## [Goal of the exercise]
No pictures are to be included when the entries below are reproduced exactly.

## [Data supplied]
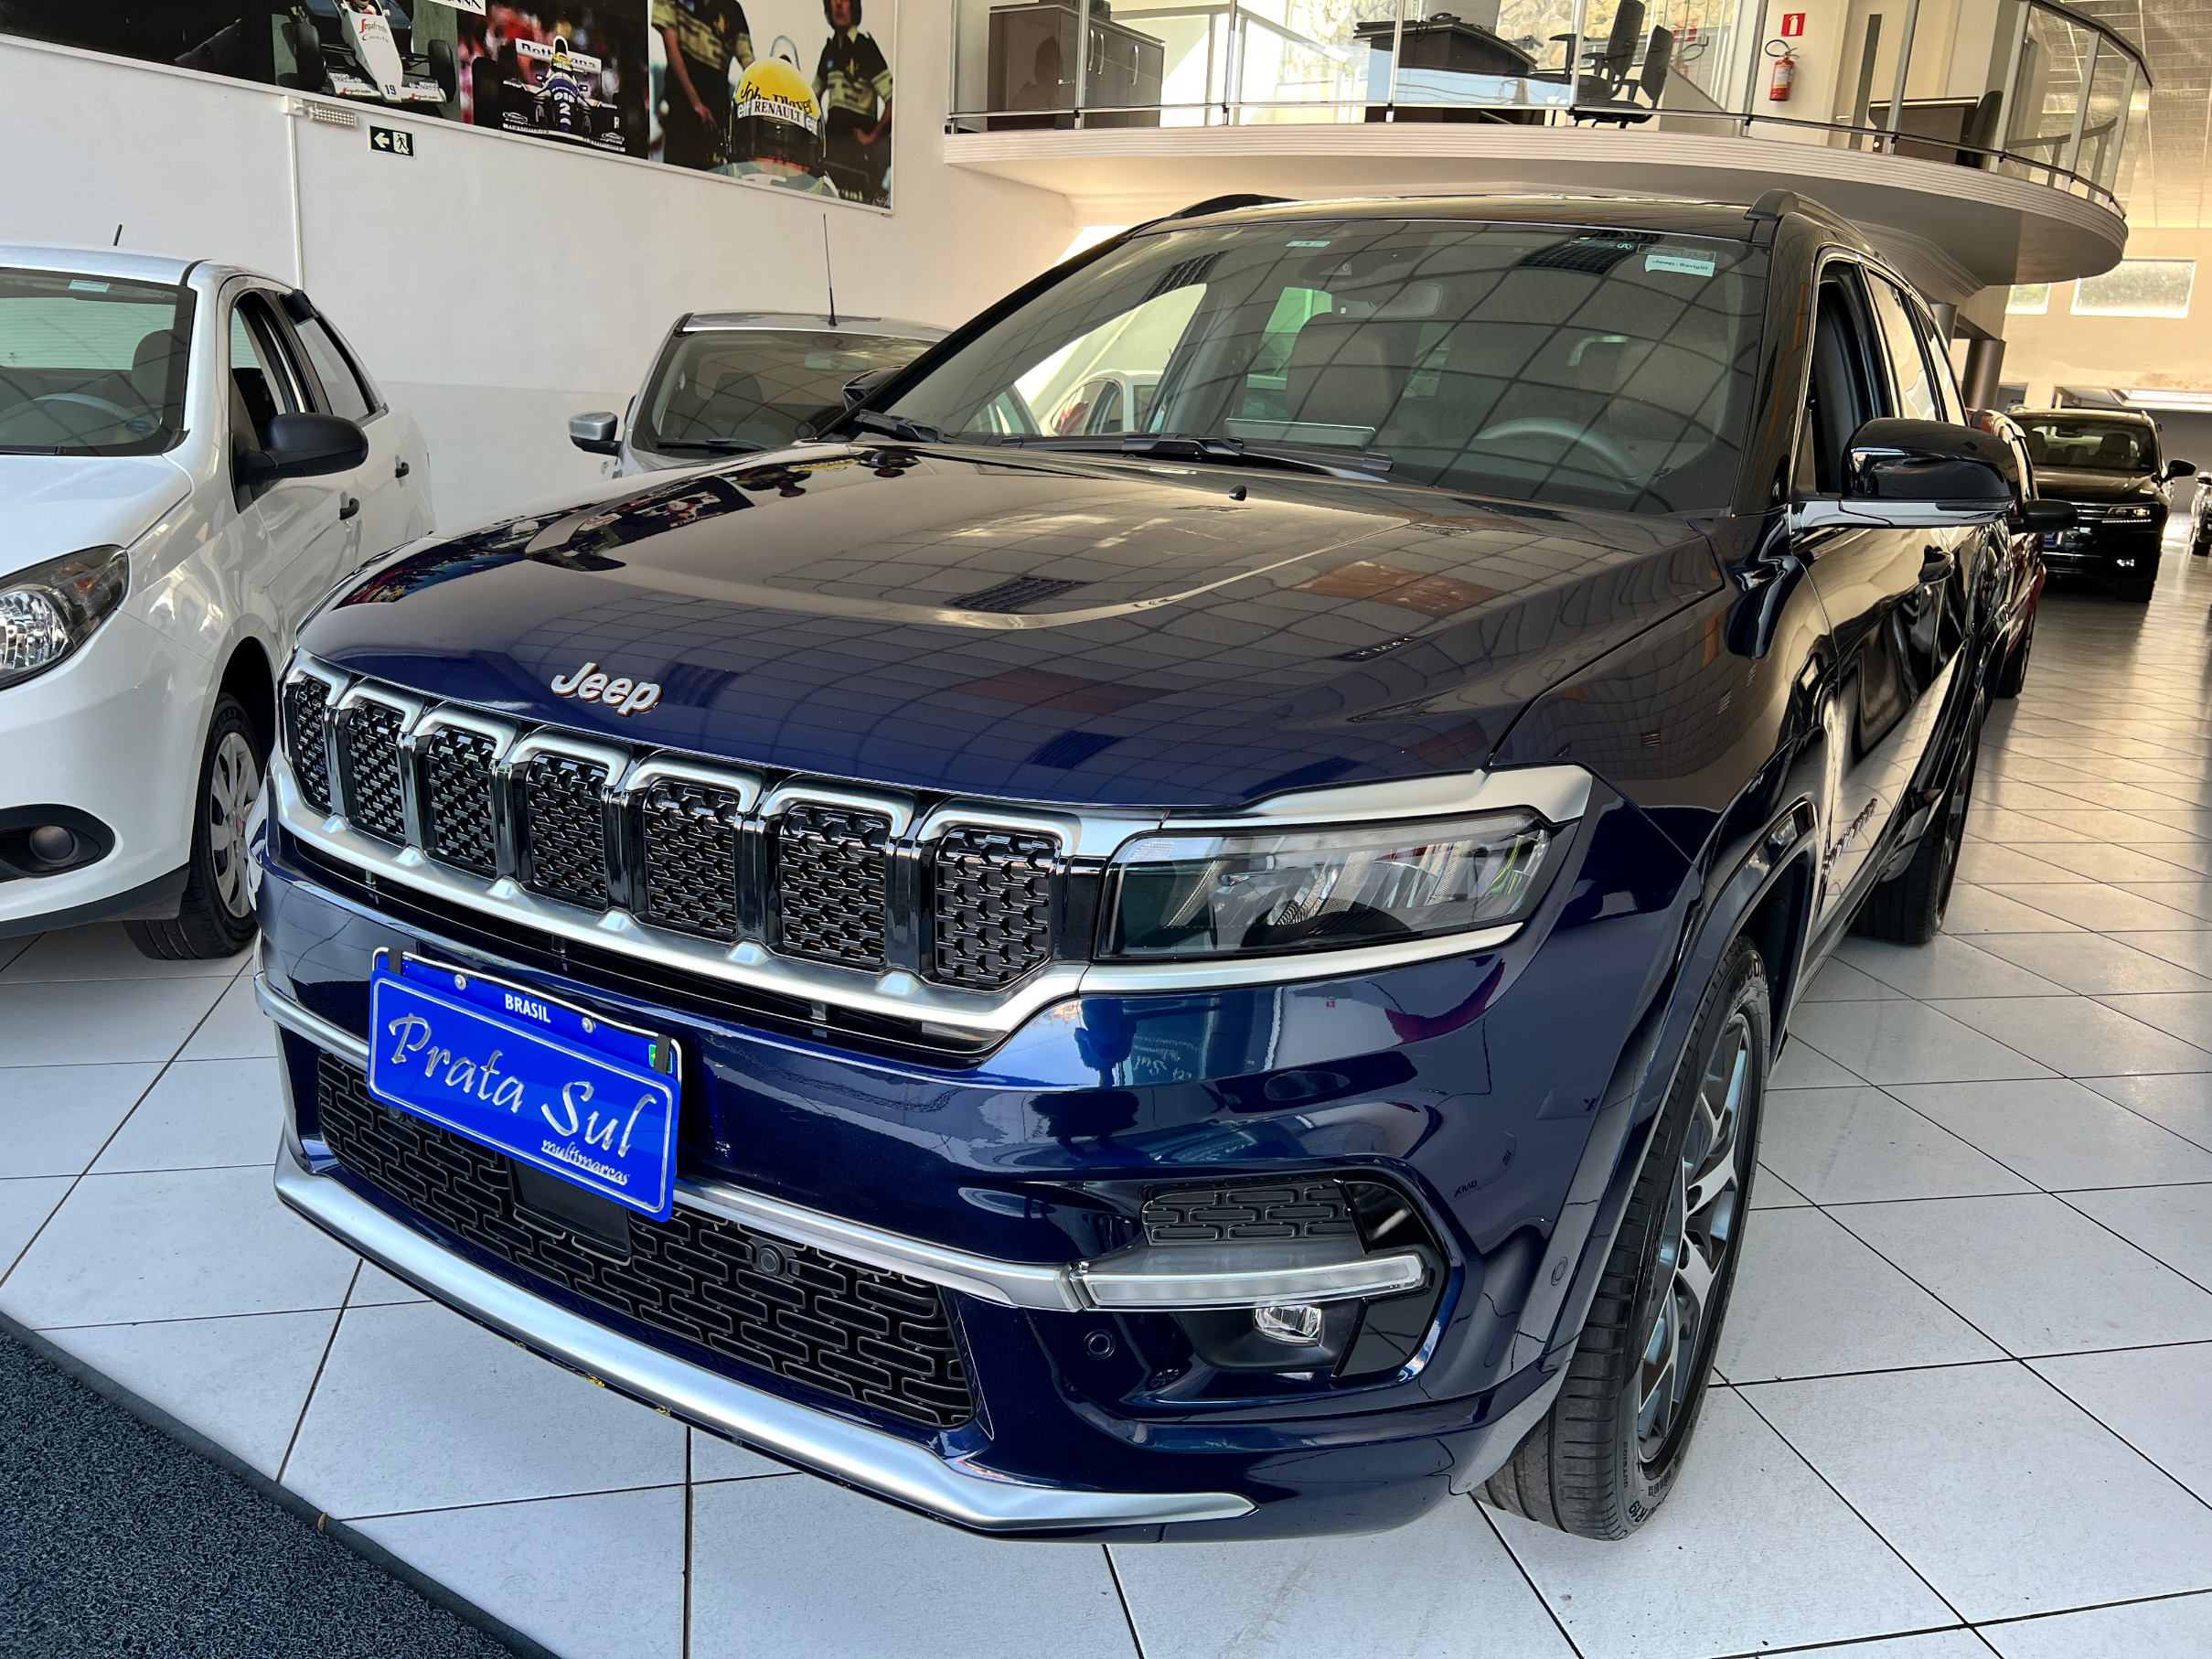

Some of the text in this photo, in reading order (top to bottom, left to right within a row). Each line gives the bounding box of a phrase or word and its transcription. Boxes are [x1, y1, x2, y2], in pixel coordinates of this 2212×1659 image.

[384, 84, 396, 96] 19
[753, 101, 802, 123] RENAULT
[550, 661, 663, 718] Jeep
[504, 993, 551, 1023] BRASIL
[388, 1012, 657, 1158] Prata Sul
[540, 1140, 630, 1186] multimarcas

## [Solution]
Some of the text in this photo, in reading order (top to bottom, left to right within a row). Each line gives the bounding box of a phrase or word and its transcription. Boxes are [x1, y1, x2, y2], in pixel coordinates of this 2212×1659 image.

[384, 84, 396, 96] 19
[753, 101, 802, 123] RENAULT
[550, 661, 663, 718] Jeep
[504, 993, 551, 1023] BRASIL
[388, 1012, 657, 1158] Prata Sul
[540, 1140, 630, 1186] multimarcas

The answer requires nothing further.